* **Information given**:
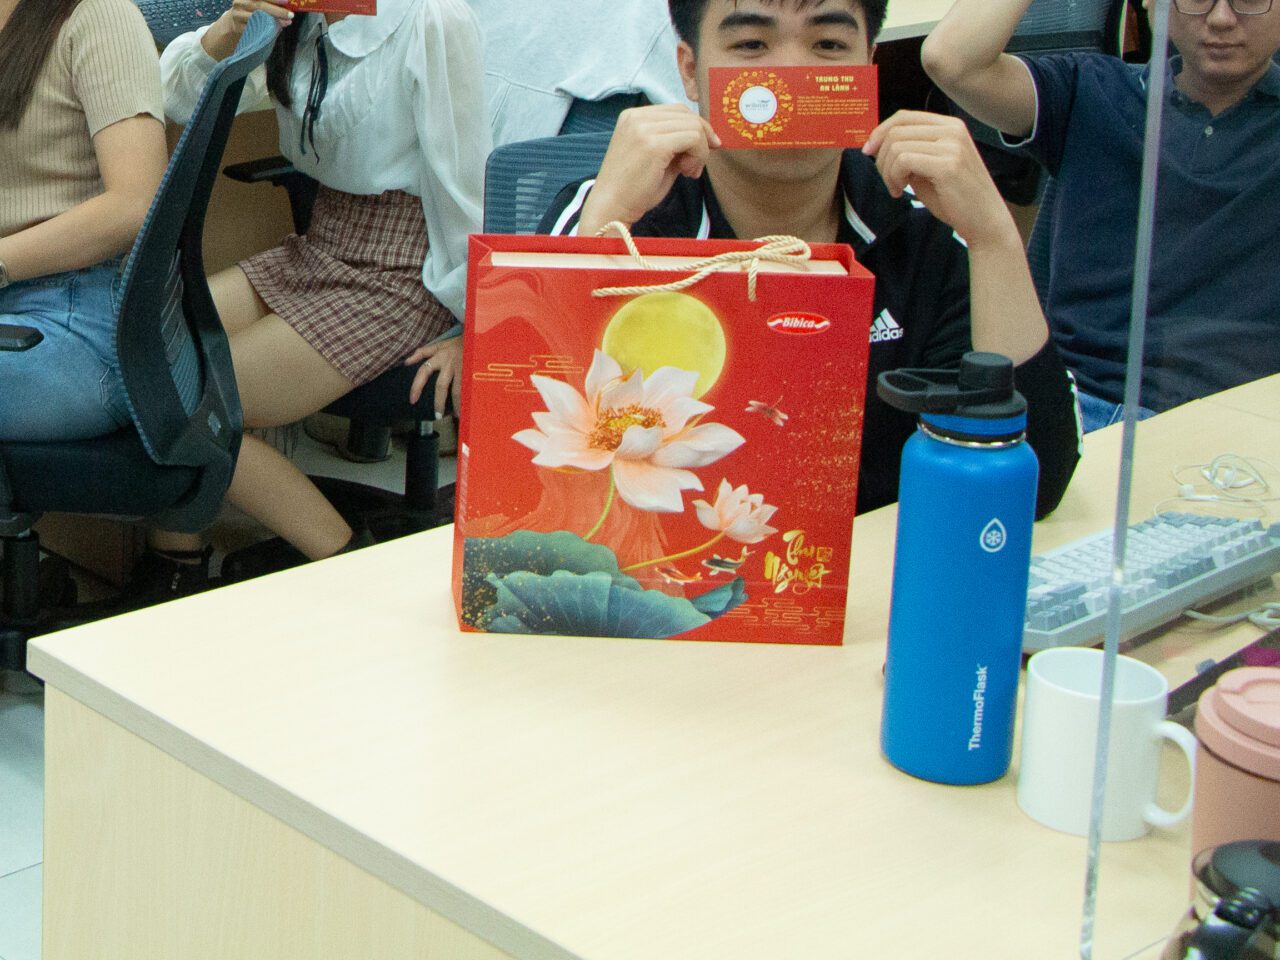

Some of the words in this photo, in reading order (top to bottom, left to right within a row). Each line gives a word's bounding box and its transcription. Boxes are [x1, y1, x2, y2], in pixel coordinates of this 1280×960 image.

[815, 75, 839, 84] TRUNG
[840, 75, 855, 83] THU
[819, 84, 831, 92] AN
[782, 317, 816, 329] Bibica
[967, 664, 988, 751] ThermoFlask

* **Exercise requirements**: Output the listing above exactly, but leave its pictures behind.

* **The completed task**:
Some of the words in this photo, in reading order (top to bottom, left to right within a row). Each line gives a word's bounding box and its transcription. Boxes are [x1, y1, x2, y2], in pixel coordinates of this 1280×960 image.

[815, 75, 839, 84] TRUNG
[840, 75, 855, 83] THU
[819, 84, 831, 92] AN
[782, 317, 816, 329] Bibica
[967, 664, 988, 751] ThermoFlask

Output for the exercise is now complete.